Hey Lori! Hope these help:
Acts 5:3,4
But Peter said, "Ananias, why has Satan filled your heart
to lie to the Holy Spirit and keep back part of the price of the land for yourself? While it remained, was it not your own? And after it was sold, was it not in your own control? Why have you conceived this thing in your heart?
You have not lied to men BUT TO GOD."
Also Christ prescribed baptism "in the name (singular: one God, one name) of the Father
and of the Son
and of the Holy Spirit" - three Persons who are the one God to whom Christians commit themselves:
Matt. 28:19
Go therefore and make disciples of all the nations, baptizing them in the
name (it doesn't say names) of the Father
AND of the Son
AND of the Holy Spirit
Note: (italicized portion above is my addition for clarity's sake)
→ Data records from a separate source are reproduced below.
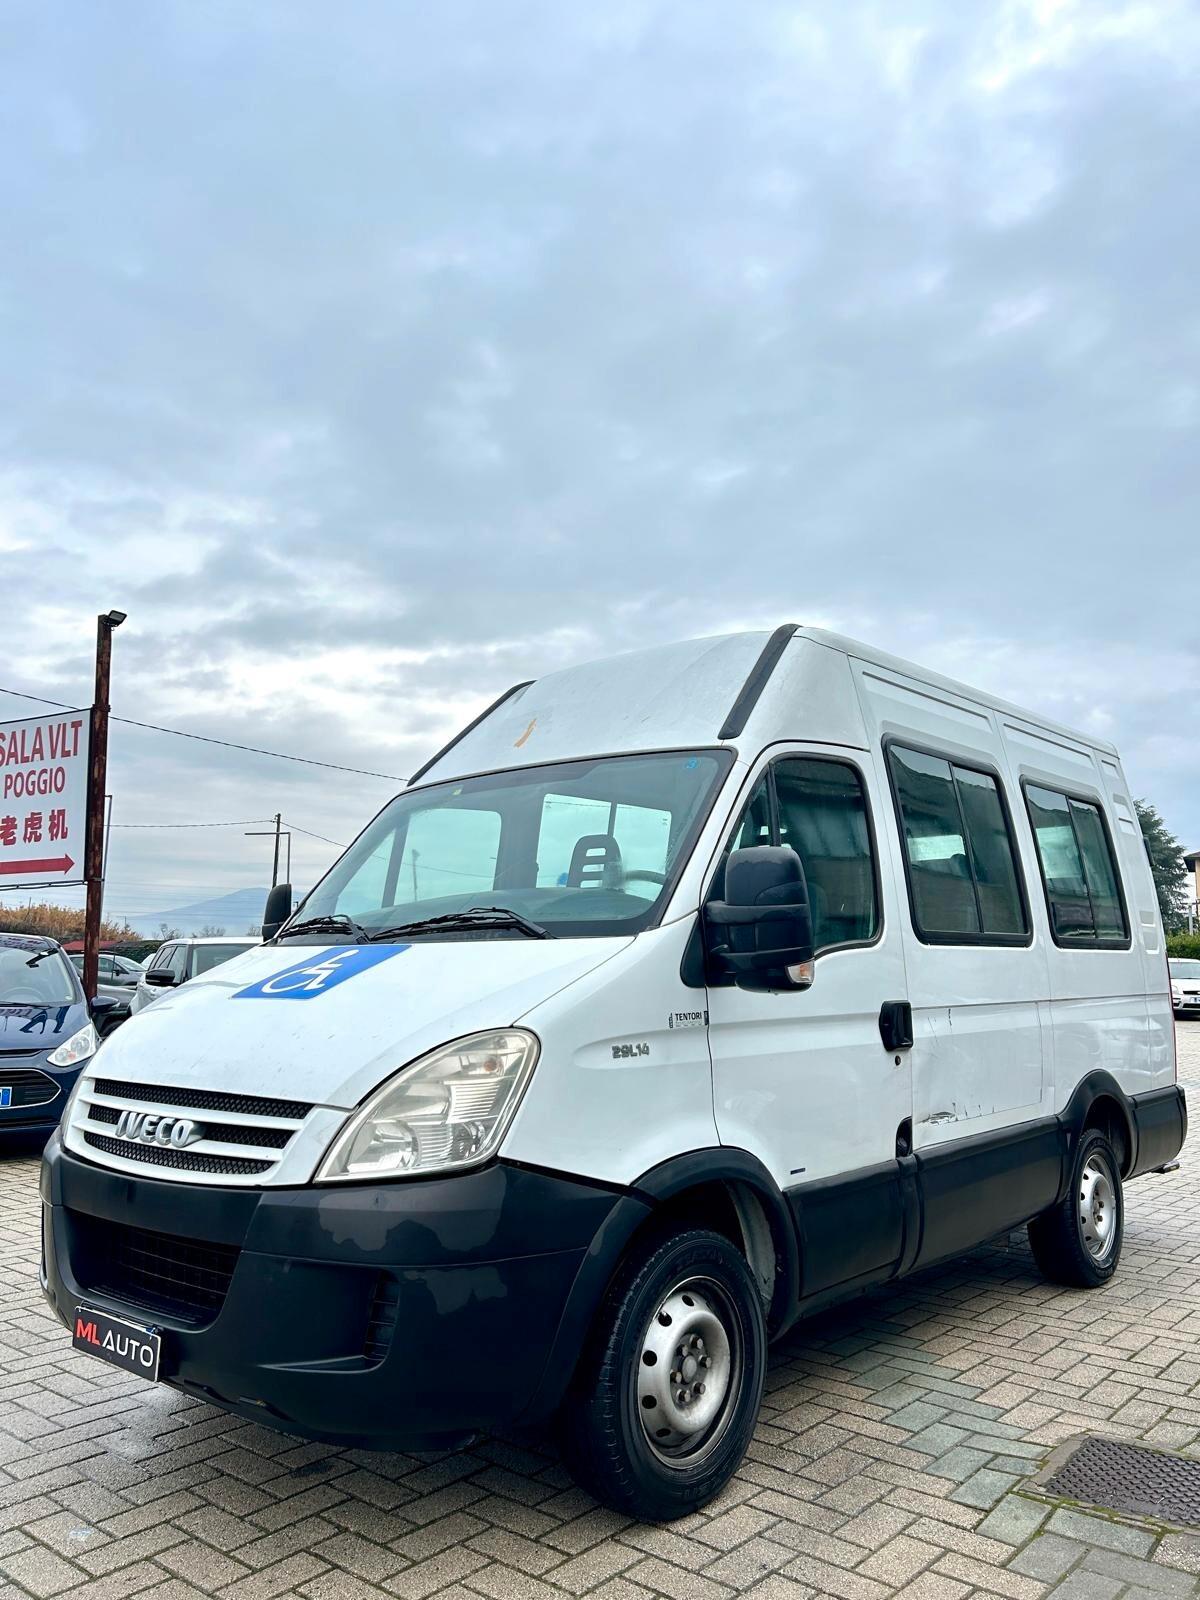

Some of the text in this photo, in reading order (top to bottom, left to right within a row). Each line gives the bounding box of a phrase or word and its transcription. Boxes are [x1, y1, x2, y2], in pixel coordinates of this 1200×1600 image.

[48, 720, 83, 759] VLT
[4, 766, 66, 799] POGGIO
[0, 809, 68, 846] 老虎机
[675, 1012, 703, 1021] TENTORI
[115, 1110, 195, 1149] IVECO
The blessing of 2 Cor 13:14 is trinitarian,:
The grace of the Lord Jesus Christ, and the love of God, and the communion of the Holy Spirit be with you all. Amen.
as is the prayer for grace and peace from the Father, the Spirit, and Jesus Christ in Rev. 1:4,5:
Grace to you and peace
from Him who is and who was and who is to come,
AND from the seven Spirits who are before His throne,
AND from Jesus Christ, the faithful witness, the firstborn from the dead, and the ruler over the kings of the earth. To Him who loved us and washed us from our sins in His own blood,
As you can see here, it calls for the grace and peace of "Him who loved us and washed us from our sins in His own blood." Obviously, that wasn't the Father, that was Jesus, who is also God, from whom all grace and peace originate.
In this verse from Revelations it is important to note that John includes the Spirit between the Father and the Son only because he teaches that the Spirit is divine in the very same sense as are the Father and the Son.
The three personal "subsistences" (as they are called) are coequal and coeternal centers of self-awareness, each being "I" in relation to two who are "You," and each having the full divine essence of God, the specific existence that belongs to God alone.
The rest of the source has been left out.